-- Opening Marker --
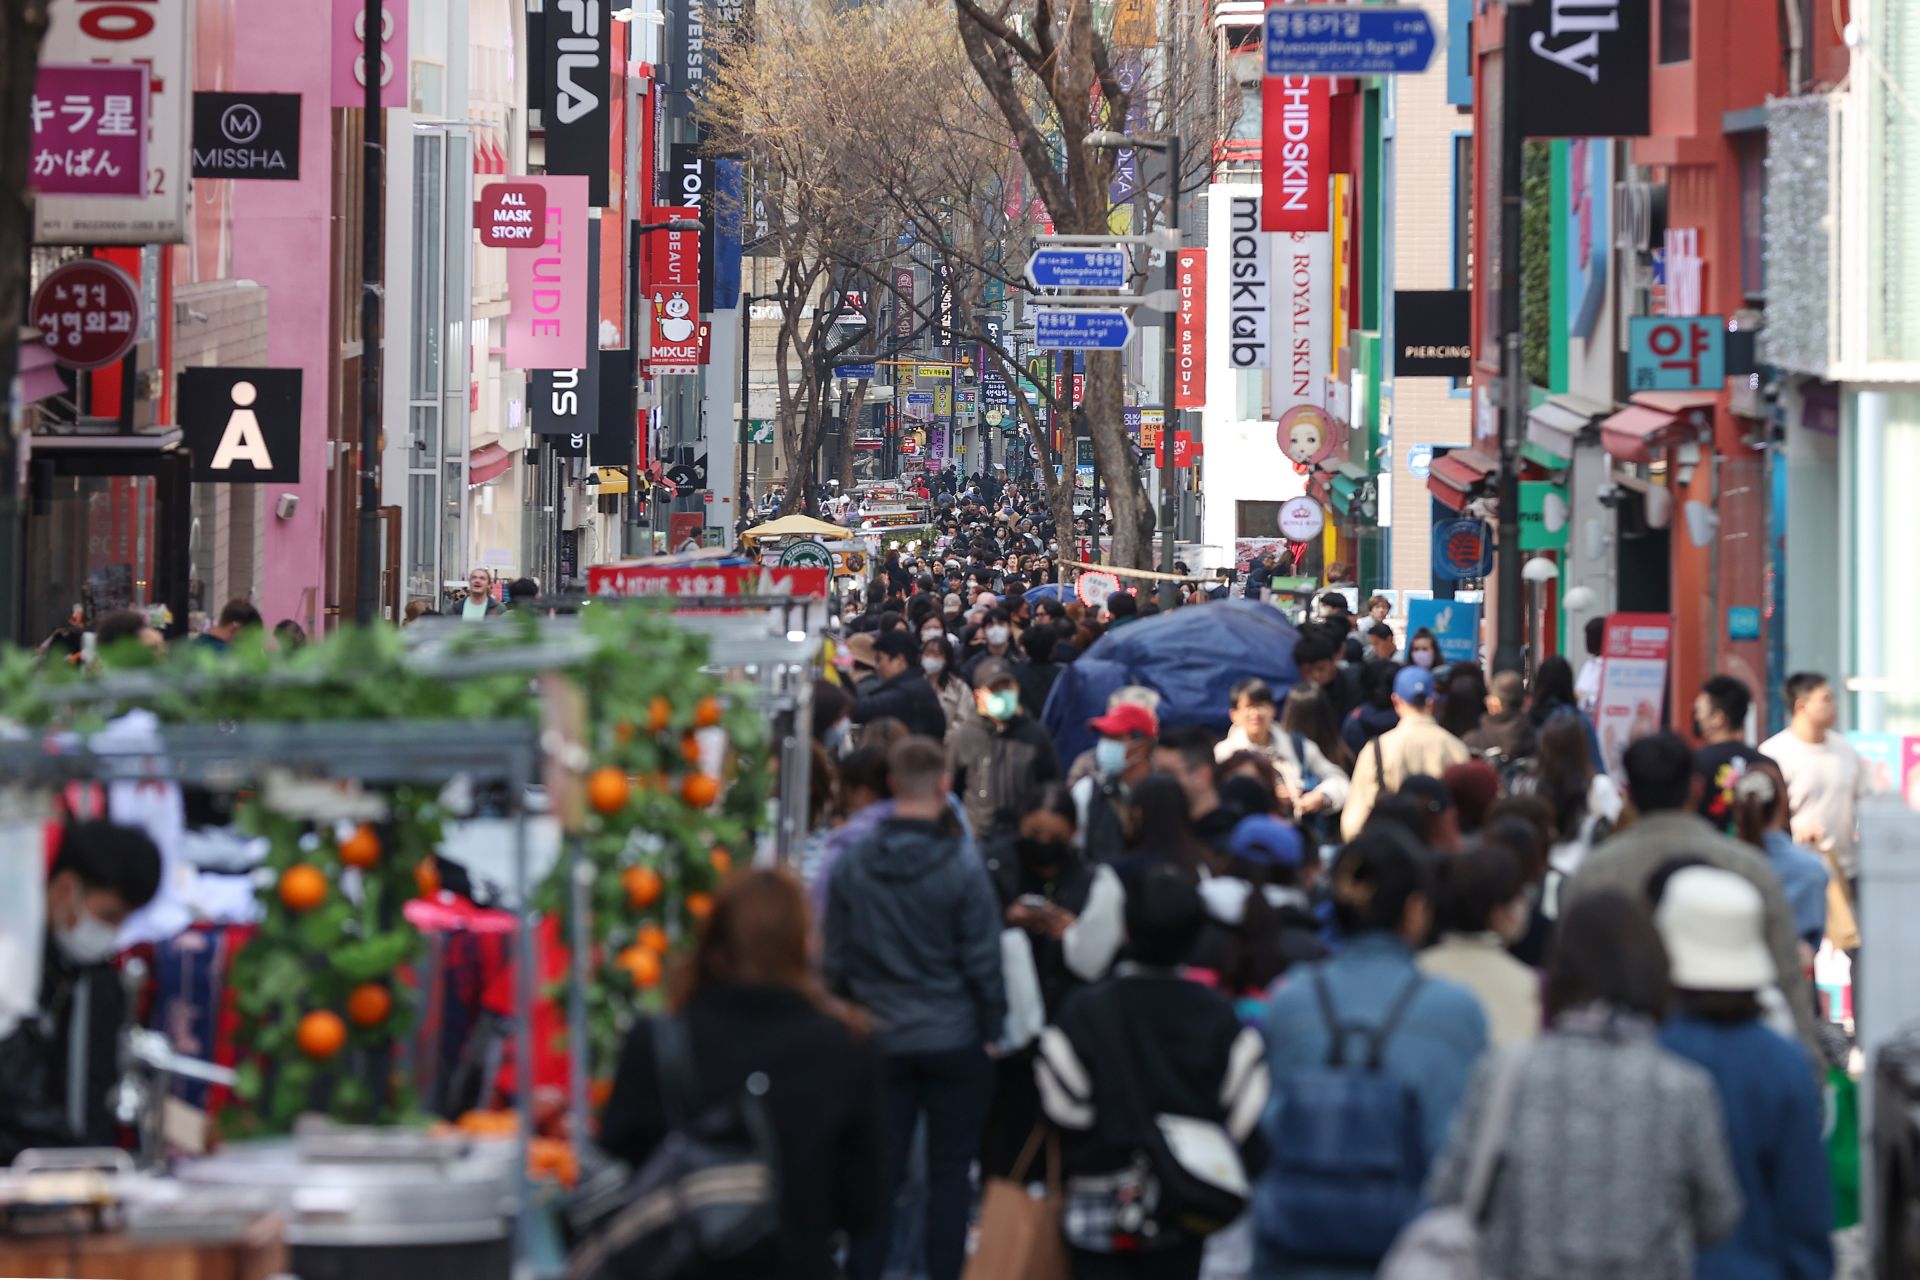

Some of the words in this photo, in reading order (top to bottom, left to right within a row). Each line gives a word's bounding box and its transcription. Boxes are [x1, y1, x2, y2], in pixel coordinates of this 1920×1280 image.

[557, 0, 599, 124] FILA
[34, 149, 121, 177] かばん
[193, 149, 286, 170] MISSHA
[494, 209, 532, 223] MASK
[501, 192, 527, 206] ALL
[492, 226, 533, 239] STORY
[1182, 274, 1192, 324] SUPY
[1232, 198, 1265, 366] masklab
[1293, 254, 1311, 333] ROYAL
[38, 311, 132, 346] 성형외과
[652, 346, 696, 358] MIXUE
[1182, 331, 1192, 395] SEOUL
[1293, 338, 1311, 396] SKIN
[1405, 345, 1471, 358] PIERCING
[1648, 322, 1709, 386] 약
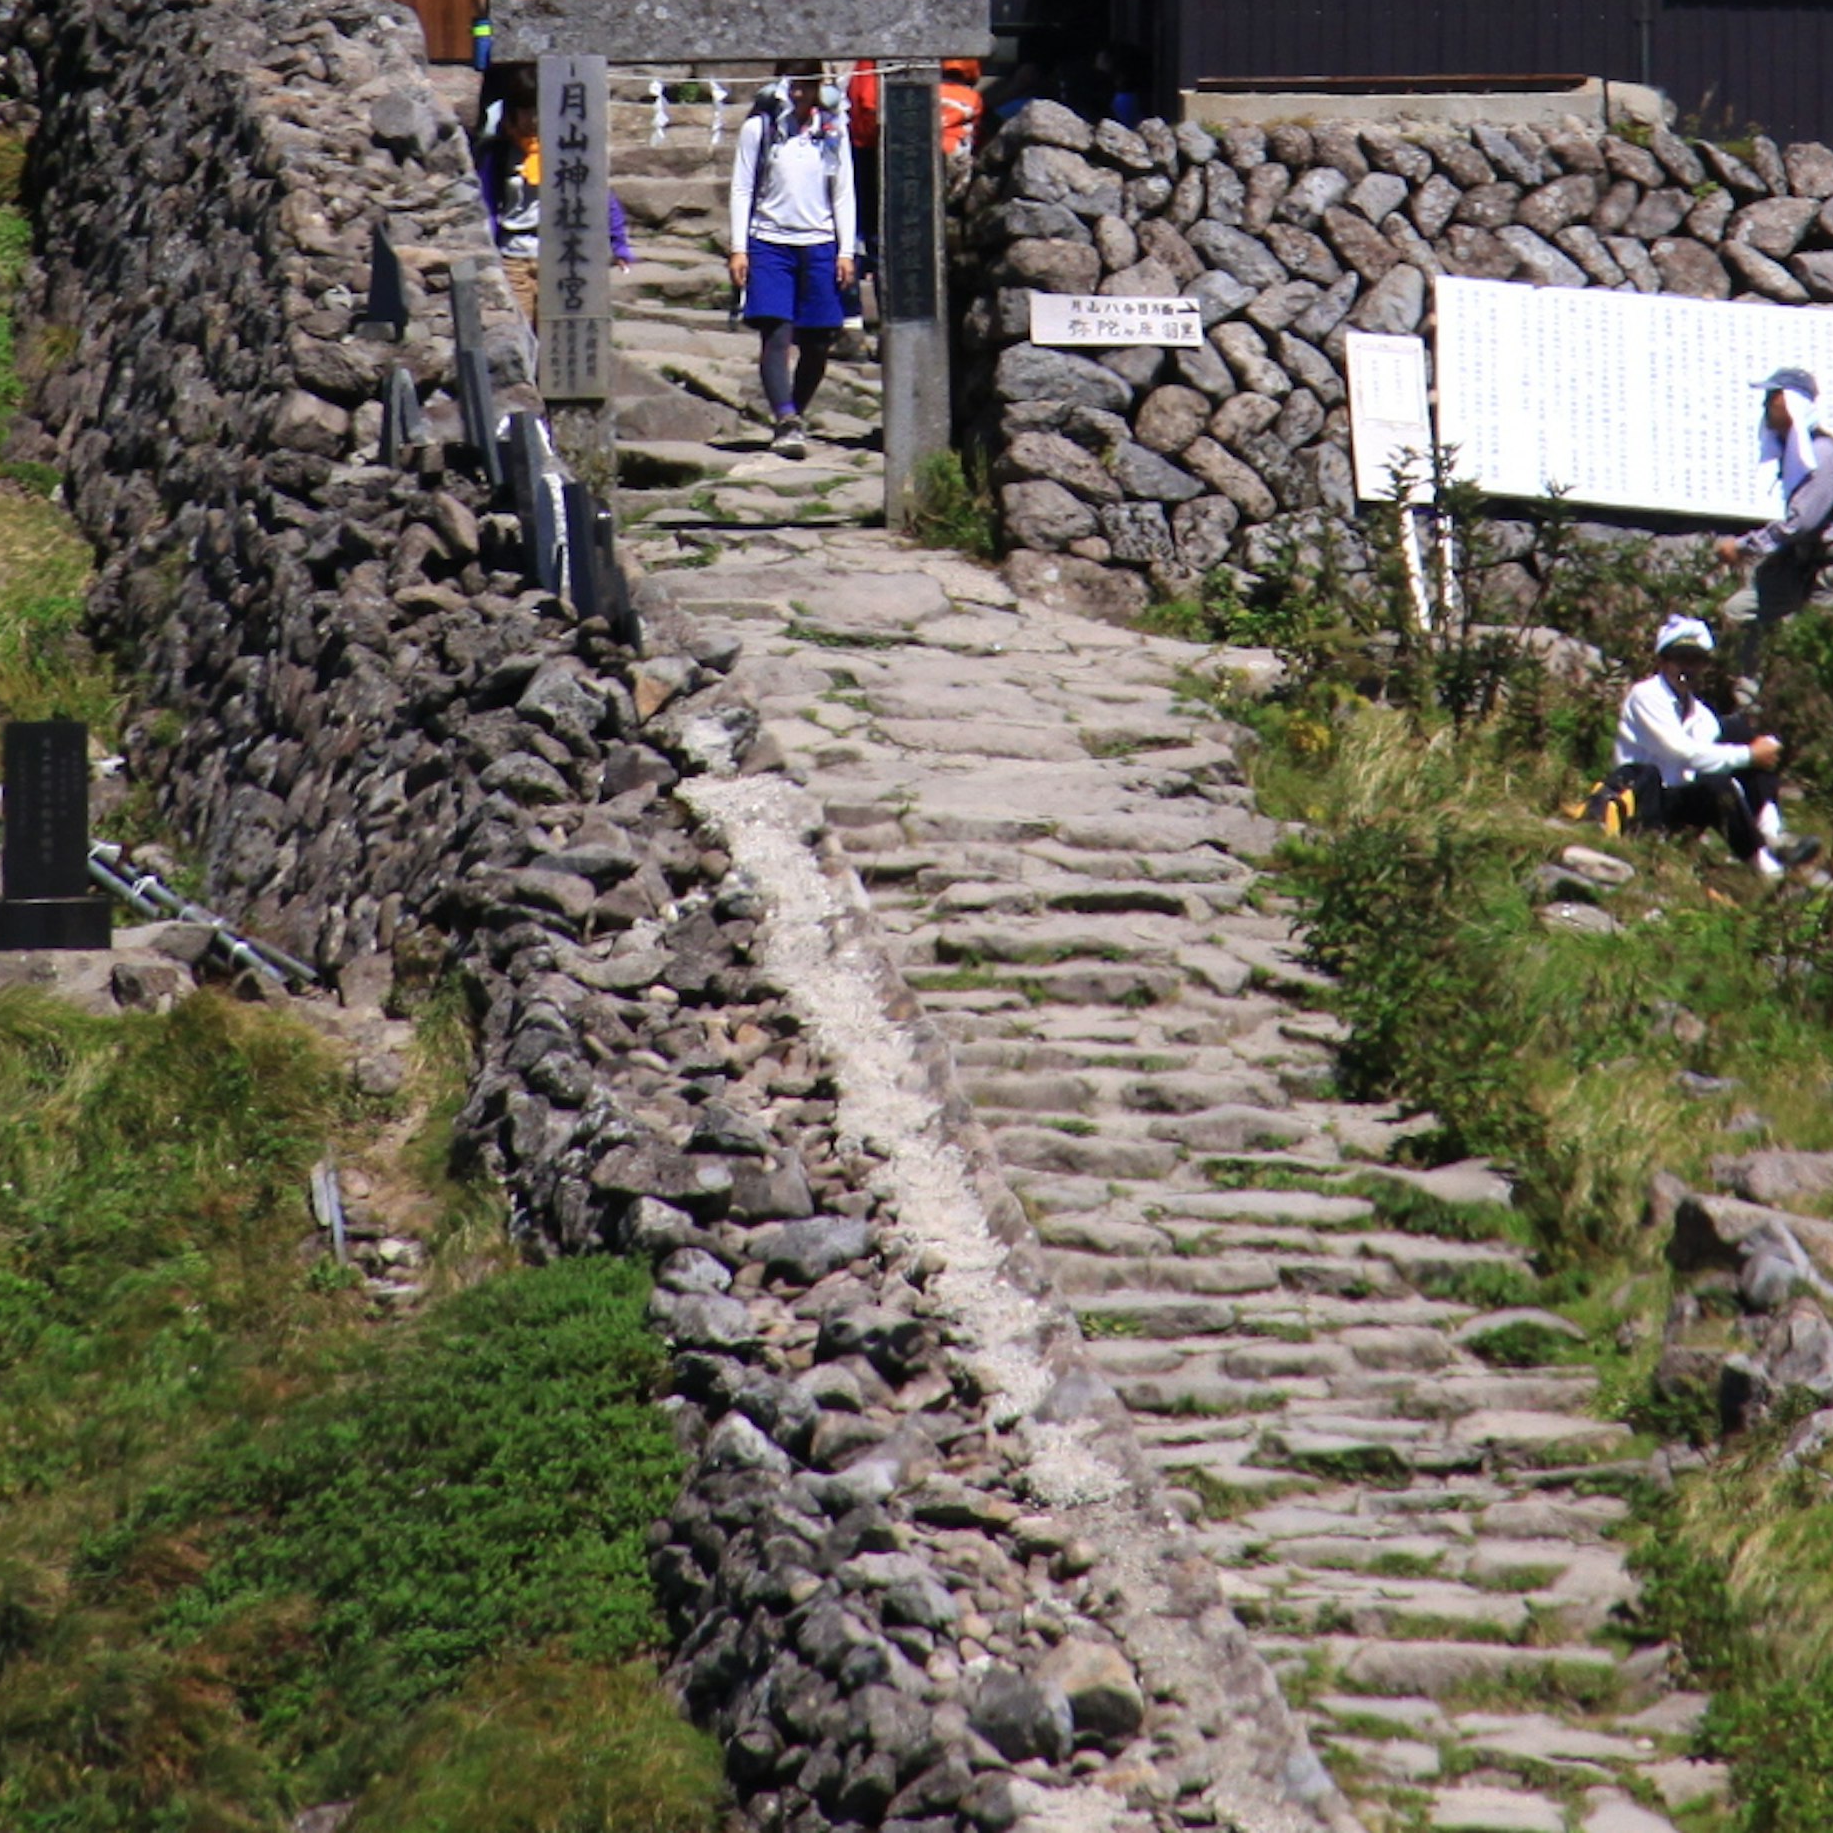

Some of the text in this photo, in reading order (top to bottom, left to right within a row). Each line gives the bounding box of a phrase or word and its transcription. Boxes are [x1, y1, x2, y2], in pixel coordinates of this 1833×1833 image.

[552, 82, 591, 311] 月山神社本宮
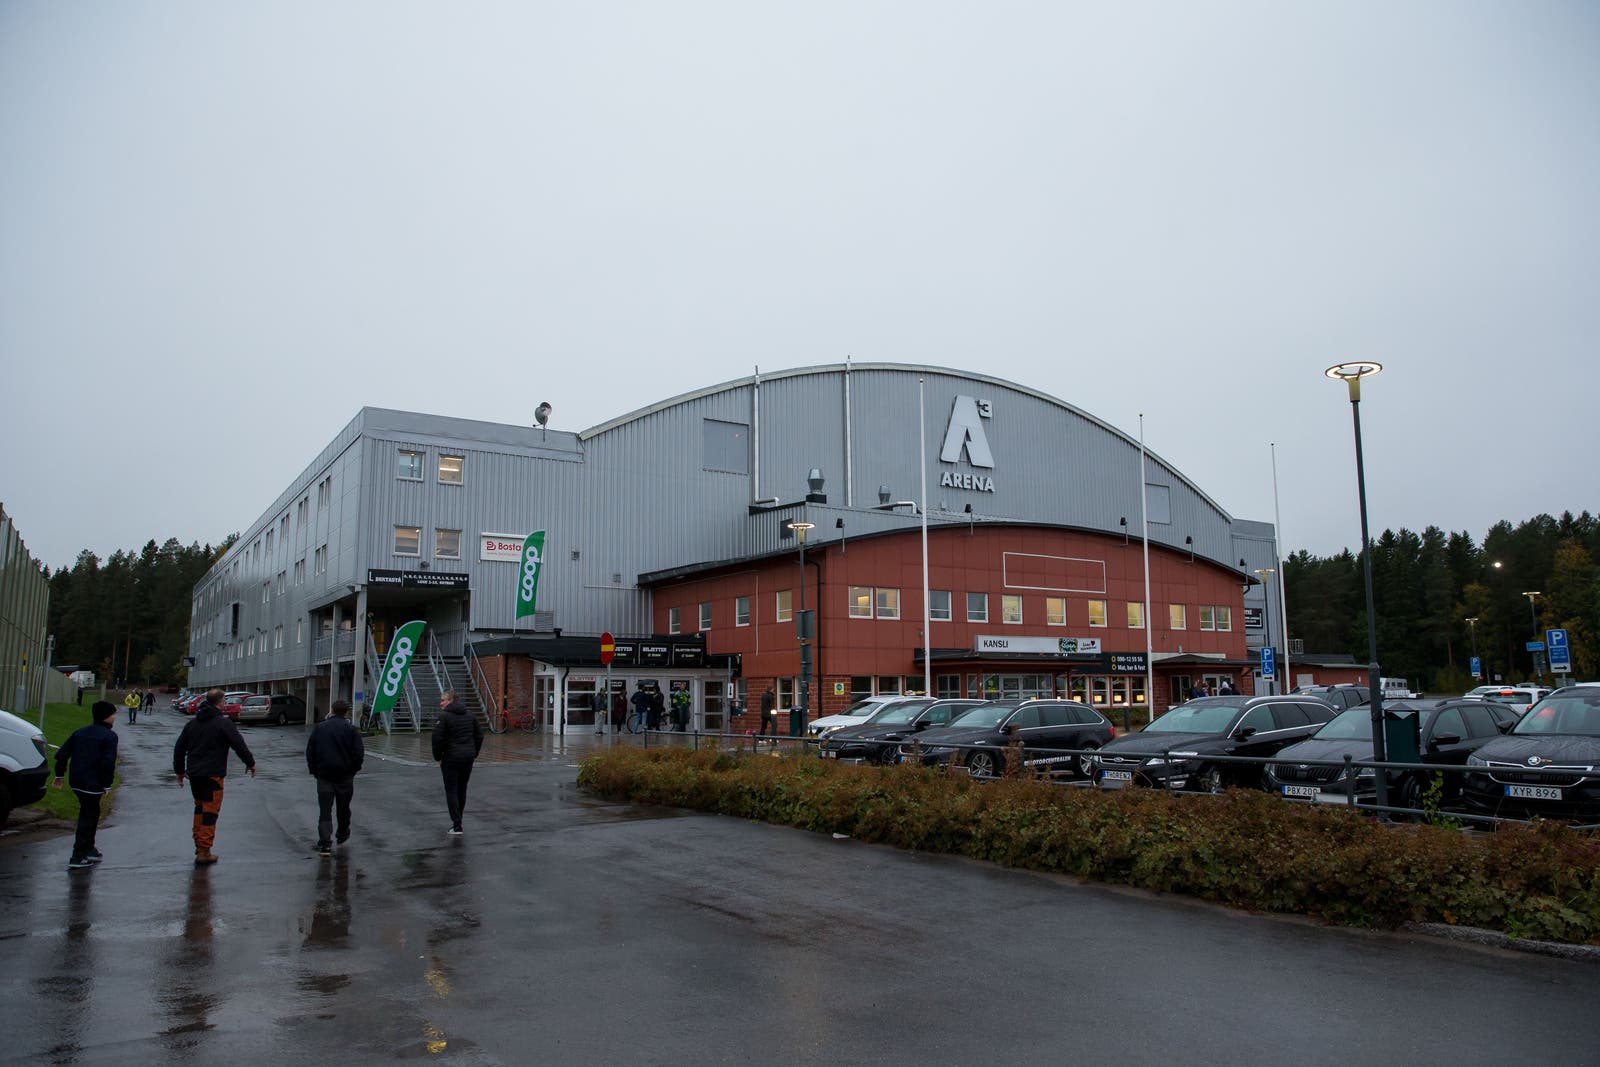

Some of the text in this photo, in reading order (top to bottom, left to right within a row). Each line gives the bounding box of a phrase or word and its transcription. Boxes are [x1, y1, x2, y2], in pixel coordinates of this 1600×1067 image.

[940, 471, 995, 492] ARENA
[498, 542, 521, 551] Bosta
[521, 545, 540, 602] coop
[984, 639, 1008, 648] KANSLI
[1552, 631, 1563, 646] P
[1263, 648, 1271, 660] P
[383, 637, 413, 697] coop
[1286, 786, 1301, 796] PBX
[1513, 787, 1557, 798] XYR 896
-- Closing Marker --
§ Goal of the exercise
Without any pictures, transcribe the listing above exactly as written.

§ Expected answer
Some of the words in this photo, in reading order (top to bottom, left to right within a row). Each line gives a word's bounding box and its transcription. Boxes are [x1, y1, x2, y2], in pixel coordinates of this 1920×1280 image.

[557, 0, 599, 124] FILA
[34, 149, 121, 177] かばん
[193, 149, 286, 170] MISSHA
[494, 209, 532, 223] MASK
[501, 192, 527, 206] ALL
[492, 226, 533, 239] STORY
[1182, 274, 1192, 324] SUPY
[1232, 198, 1265, 366] masklab
[1293, 254, 1311, 333] ROYAL
[38, 311, 132, 346] 성형외과
[652, 346, 696, 358] MIXUE
[1182, 331, 1192, 395] SEOUL
[1293, 338, 1311, 396] SKIN
[1405, 345, 1471, 358] PIERCING
[1648, 322, 1709, 386] 약

Some of the text in this photo, in reading order (top to bottom, left to right within a row). Each line gives the bounding box of a phrase or word and its transcription. Boxes are [x1, y1, x2, y2], in pixel coordinates of this 1833×1833 image.

[552, 82, 591, 311] 月山神社本宮

Some of the text in this photo, in reading order (top to bottom, left to right within a row). Each line gives the bounding box of a phrase or word and its transcription. Boxes are [x1, y1, x2, y2], in pixel coordinates of this 1600×1067 image.

[940, 471, 995, 492] ARENA
[498, 542, 521, 551] Bosta
[521, 545, 540, 602] coop
[984, 639, 1008, 648] KANSLI
[1552, 631, 1563, 646] P
[1263, 648, 1271, 660] P
[383, 637, 413, 697] coop
[1286, 786, 1301, 796] PBX
[1513, 787, 1557, 798] XYR 896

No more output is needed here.